Suit picture from Shutterstock
Business Insider reported recently that the most popular design from online suit store InStitchU was “navy, 100 per cent wool, and single-breasted with two buttons”. Sounds good, but if you’re going to break away from the herd and have your own suit made, why get one that’s the same as everyone else?
That’s my take, though, in the interests of disclosure, it should be noted that I’ll happily wear suitjamas in public. What are your essential requirements in a suit? Tell us in the comments.
Australia’s Most Popular Suit Is Navy, Wool, And Single-Breasted With Two Buttons [Business Insider]
Comments
9 responses to “Custom-Ordering A Suit? Don’t Make It Navy Blue”
Unrelated, but lol:
http://img38.imageshack.us/img38/655/lwch.jpg
OKAY I GET IT
and thats why i use adblocker
I installed ABP specifically for this site. As a web dev I am all for ads, given that they allow any worthwhile sites/networks to operate for free serving hundreds of thousands of people. In Lifehackers case it’s purely an excuse for them to cash in on articles that are mostly just pointless reposts, and with little to no journalistic integrity (With the possible exception of @chrisjager who seems like a decent and respectable guy).
Not to mention as you pointed out just how pervasive the ads are.. It’s pretty rediculous.
That’s odd. In my experience by far the most common suit colour is black, followed by grey/charcoal, with navy as a very distant third.

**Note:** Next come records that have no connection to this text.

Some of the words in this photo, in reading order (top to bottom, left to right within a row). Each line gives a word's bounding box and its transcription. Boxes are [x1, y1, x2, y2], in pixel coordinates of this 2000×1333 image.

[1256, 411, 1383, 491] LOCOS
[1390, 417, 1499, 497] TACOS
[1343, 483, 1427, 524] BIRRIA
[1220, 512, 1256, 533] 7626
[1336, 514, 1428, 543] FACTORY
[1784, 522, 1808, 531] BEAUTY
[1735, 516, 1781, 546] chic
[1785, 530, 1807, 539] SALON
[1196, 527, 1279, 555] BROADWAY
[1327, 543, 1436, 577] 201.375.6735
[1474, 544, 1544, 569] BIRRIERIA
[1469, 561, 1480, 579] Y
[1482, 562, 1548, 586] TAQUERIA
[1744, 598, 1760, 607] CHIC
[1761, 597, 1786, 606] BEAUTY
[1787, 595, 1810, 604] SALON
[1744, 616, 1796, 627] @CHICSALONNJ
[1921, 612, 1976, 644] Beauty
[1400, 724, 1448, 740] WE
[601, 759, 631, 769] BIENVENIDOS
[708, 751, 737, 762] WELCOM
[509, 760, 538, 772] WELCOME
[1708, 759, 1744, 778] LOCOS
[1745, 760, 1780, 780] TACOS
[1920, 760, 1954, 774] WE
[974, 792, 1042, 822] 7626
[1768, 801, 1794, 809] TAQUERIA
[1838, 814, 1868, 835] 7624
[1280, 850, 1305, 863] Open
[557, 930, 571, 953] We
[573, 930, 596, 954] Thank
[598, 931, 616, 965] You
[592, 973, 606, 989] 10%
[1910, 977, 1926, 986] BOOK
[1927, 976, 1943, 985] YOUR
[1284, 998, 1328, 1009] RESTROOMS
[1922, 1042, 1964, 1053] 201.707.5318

Fit and cut is the most important element of a suit. A designer suit will look like a Rivers special if it doesn’t fit you properly.
Jeans.. T-Shirt… Just stick a blazer ontop and your good to go! :p
ESPECIALLY if you are having the suit for a job interview at the sort of place you’d wear a suit to the interview, navy blue or charcoal. Maybe medium grey. Probably single-breasted (double-breasted suits only suit old guys or a particular build). Leave the funky standing-out-in-the-crowd suits for jobs at advertising agencies. Do avoid black, unless you’re going for a job as an undertaker or something. Black limits your options with shirts and ties and looks too much like formal wear or a funeral suit. It’s a common misconception by people who don’t wear suits much that black is the main business suit colour. Charcoal or navy.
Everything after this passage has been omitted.